Objectives. This experimental laboratory study was designed to explore the role of epithelial cell adhesion molecule (EpCAM) in the metastasis of glioma.
Material and Methods. Serum samples were collected from patients with non-metastatic or metastatic glioma (n = 20 per group), and healthy volunteers (n = 8). Exosomes were isolated from the serum and the morphological characteristics were observed under a scanning electron microscope (SEM). The expression of CD81 and CD63 was measured to identify exosomes. Glioma tissue and the adjacent normal tissue samples were obtained from patients with non-metastatic or metastatic glioma (n = 12 per group). Meanwhile, 4 normal brain tissue samples were collected. The expression of CD44, hyaluronan-mediated motility receptor (HMMR), and matrix metalloproteinase-9 (MMP-9) was determined in each group using immunohistochemistry. The protein expression of CD44, HMMR, matrix metalloproteinase-2 (MMP-2), MMP-9, and selectin E (SELE) was measured with western blotting.
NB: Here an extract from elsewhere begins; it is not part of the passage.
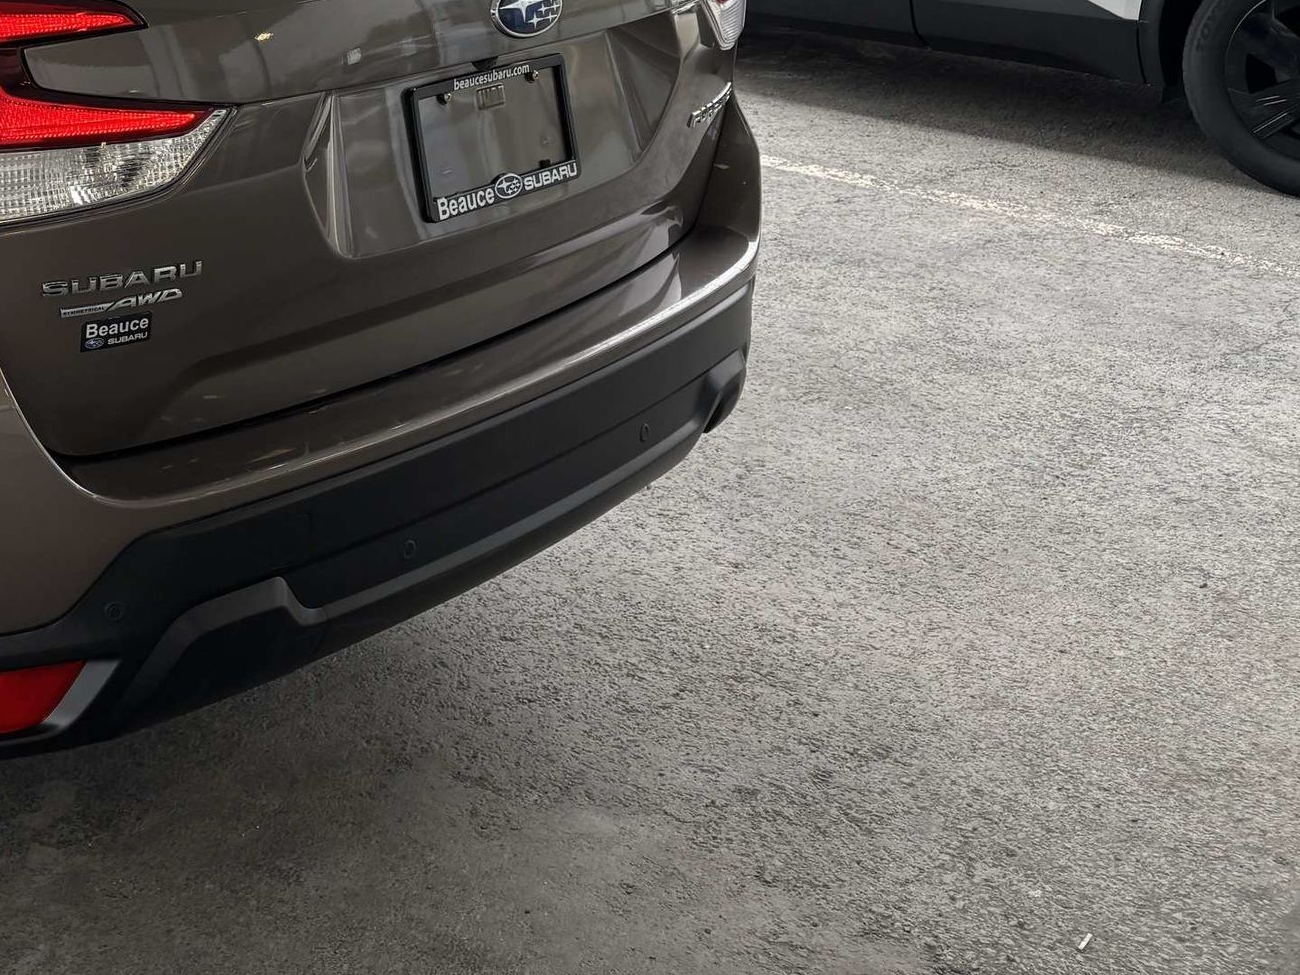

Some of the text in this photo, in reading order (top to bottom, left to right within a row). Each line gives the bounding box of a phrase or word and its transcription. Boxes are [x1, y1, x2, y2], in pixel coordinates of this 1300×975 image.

Results. Exosomes were present in the serum, and the proteins CD81 and CD63 were expressed in all 3 groups. CD44 was highly expressed in the non-metastasis and metastasis groups. The expression of HMMR and MMP-9 in the Adj-metastasis and Adj-non-metastasis groups was high, while in the other groups, the levels were low. The expression of CD44 in the metastasis and non-metastasis groups was significantly higher than that of the negative control (NC) group, and the expression in the metastasis group was higher than that of the non-metastasis group. The MMP-2 and MMP-9 were not found in either the metastasis or non-metastasis group. The protein expression of HMMR and SELE was high in all groups.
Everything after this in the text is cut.